In late 2005, ISB began to emphasize the application of systems biology to P4 medicine (predictive, preventive, personalized, participatory), i.e. the development of techniques for predicting and preventing disease, possibly before patients even know they are sick. The P4 Medicine institute was co-founded in 2010 by ISB and Ohio State University.

On December 21, 2012, President Obama awarded 12 scientists, including Dr. Leroy Hood, the National Medal of Science, which the highest honor given by the U.S. government to scientists, engineers and inventors.

In 2025 Dr. Mary Elizabeth Brunkow, a senior program manager at the ISB, was awarded the 2025 Nobel Prize in Physiology or Medicine for fundamental work in peripheral immune tolerance.

The Education and Outreach efforts of ISB include creating the Logan Center for Education whose mission is to enable educators to produce STEM literate students. ISB offers paid research internships for high school and undergraduate students, and offers advanced systems science courses throughout the year.
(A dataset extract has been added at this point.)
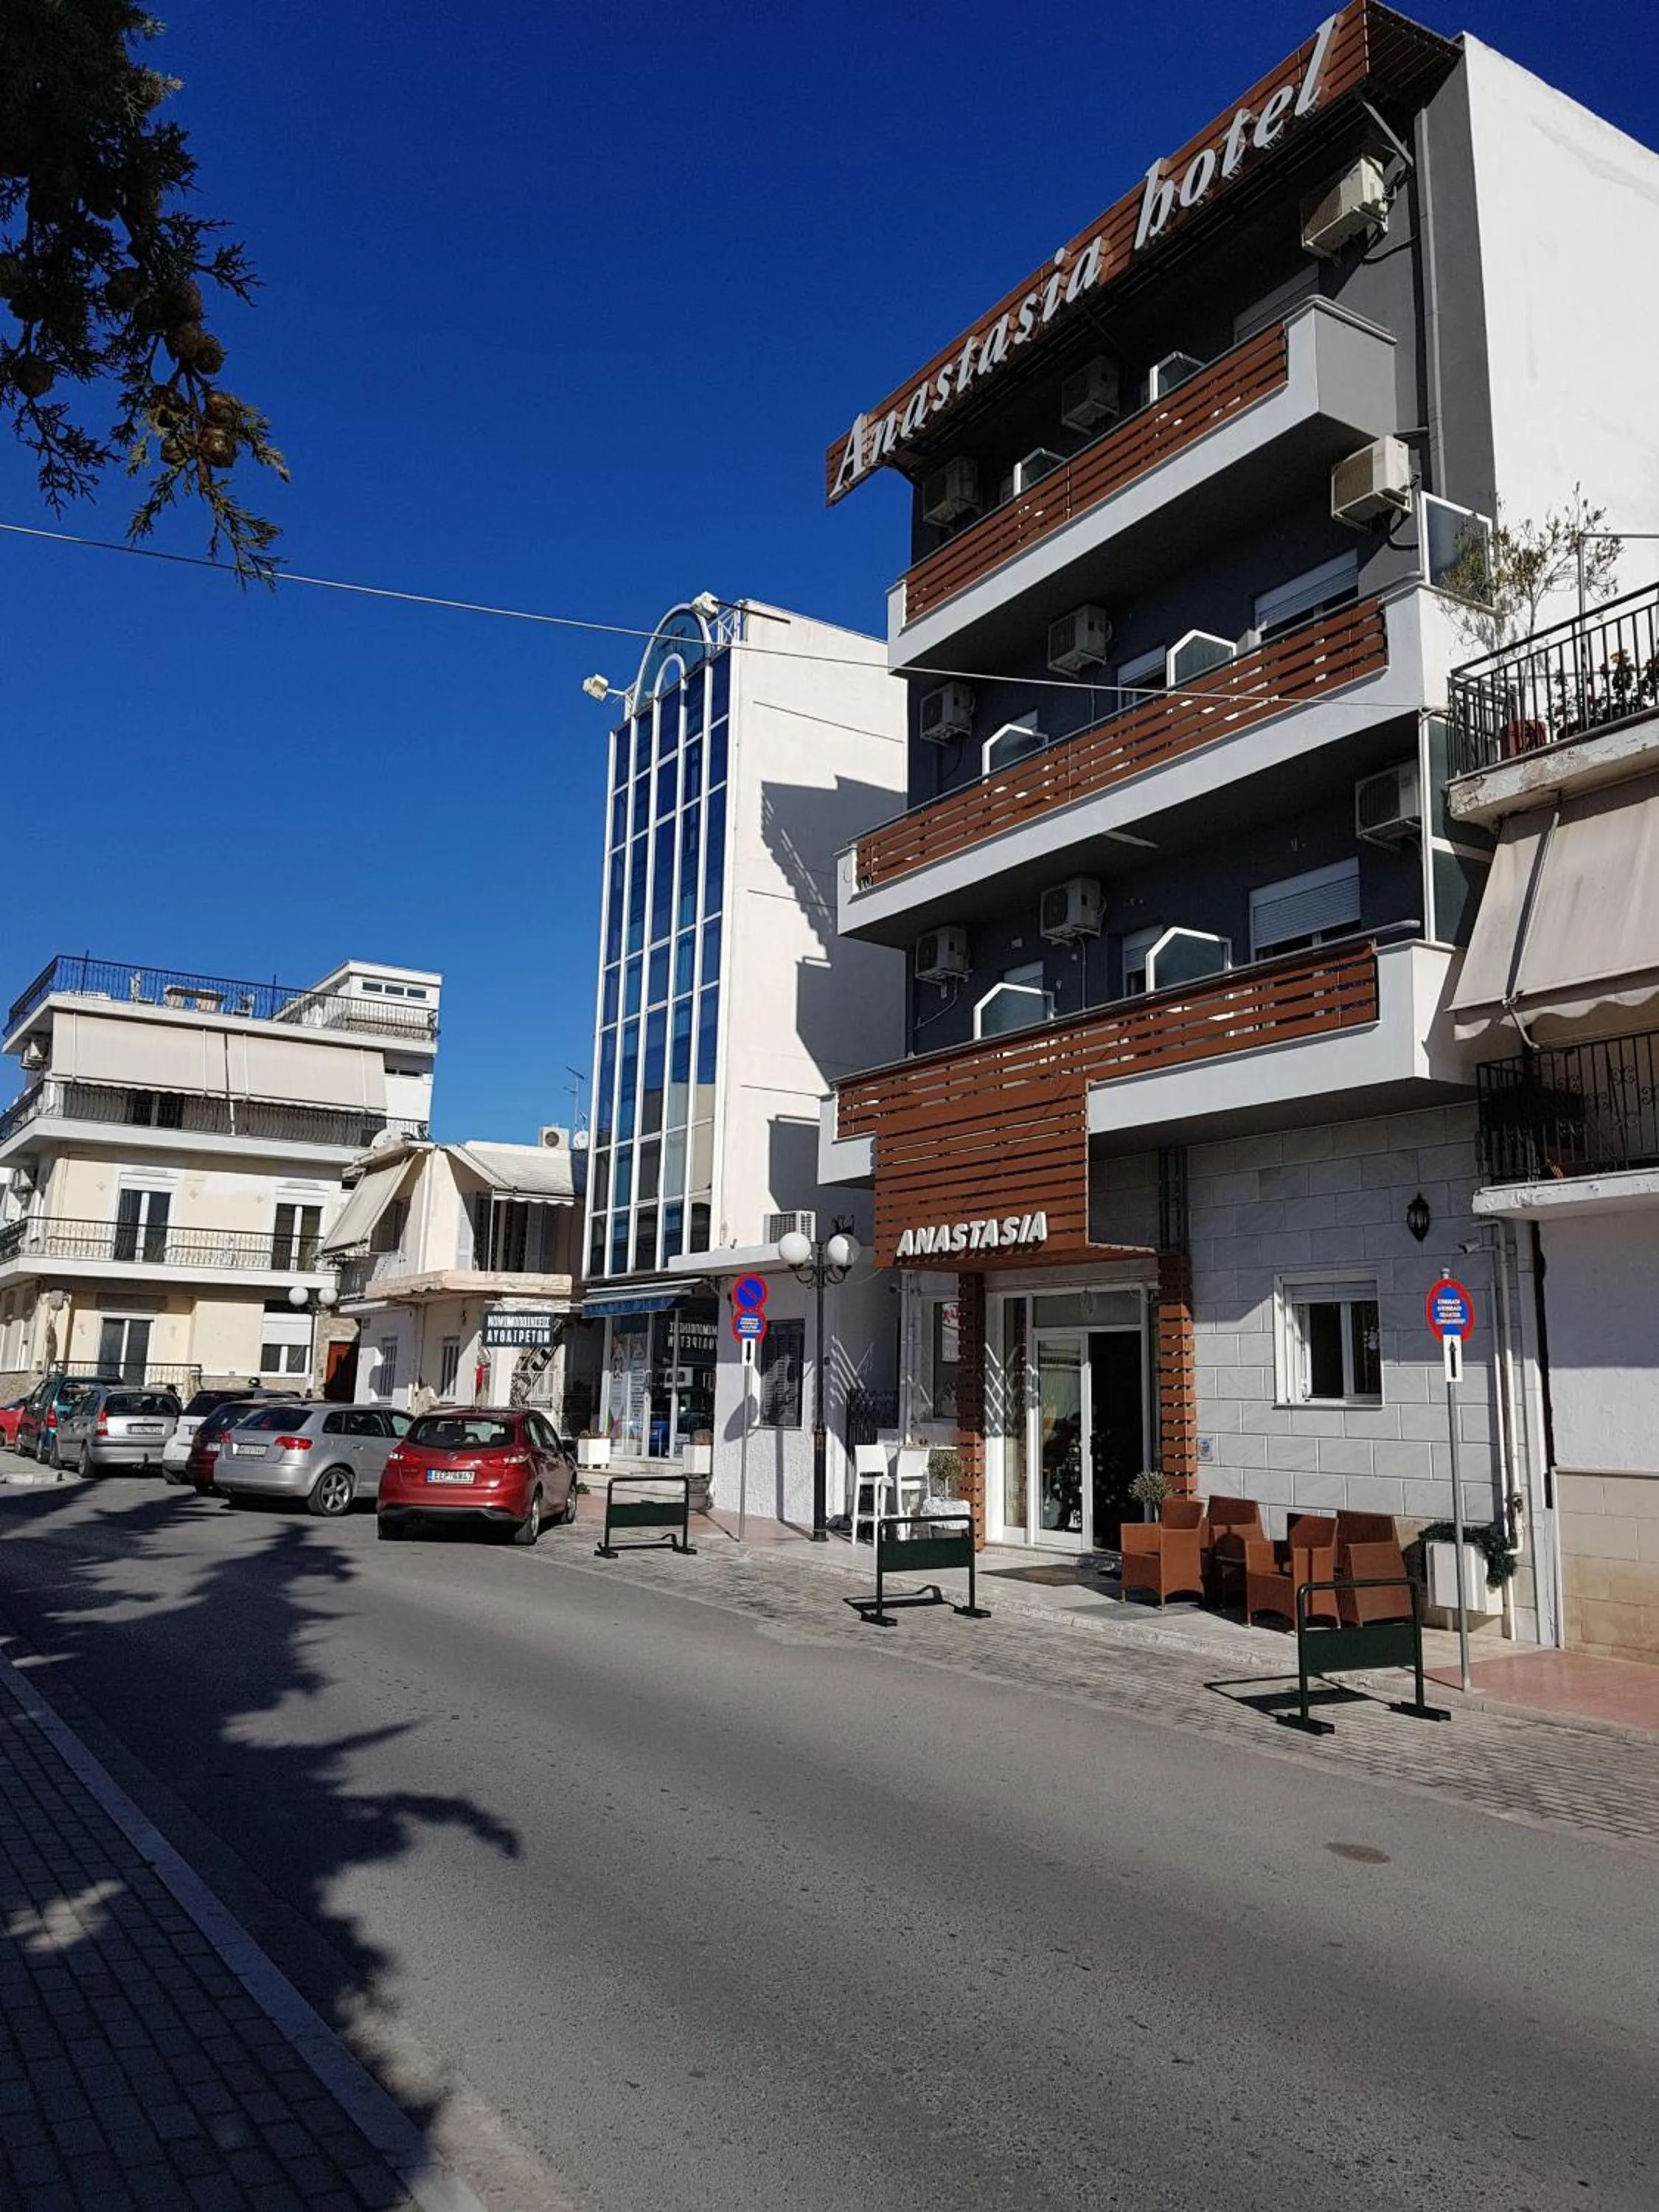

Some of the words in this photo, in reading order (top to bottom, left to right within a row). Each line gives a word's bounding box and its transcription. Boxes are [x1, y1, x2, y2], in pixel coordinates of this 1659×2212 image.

ISB partnered in several high-profile research projects, the most significant one thus far being with the Grand Duchy of Luxembourg to create the Center for Systems Biology Luxembourg and the Seattle Proteome Center.

ISB faculty members have launched several companies, including: Cytopeia (acquired by BD in 2008), Integrated Diagnostics, Macrogenics, NanoString Technologies, and Accelerator Corporation. Accelerator Corporation, in particular, is an investment company that provides venture capital funding and management for biotech startup companies. Its portfolio companies and graduates have focused on improved biotherapeutics, vaccines, biomarkers and other such products.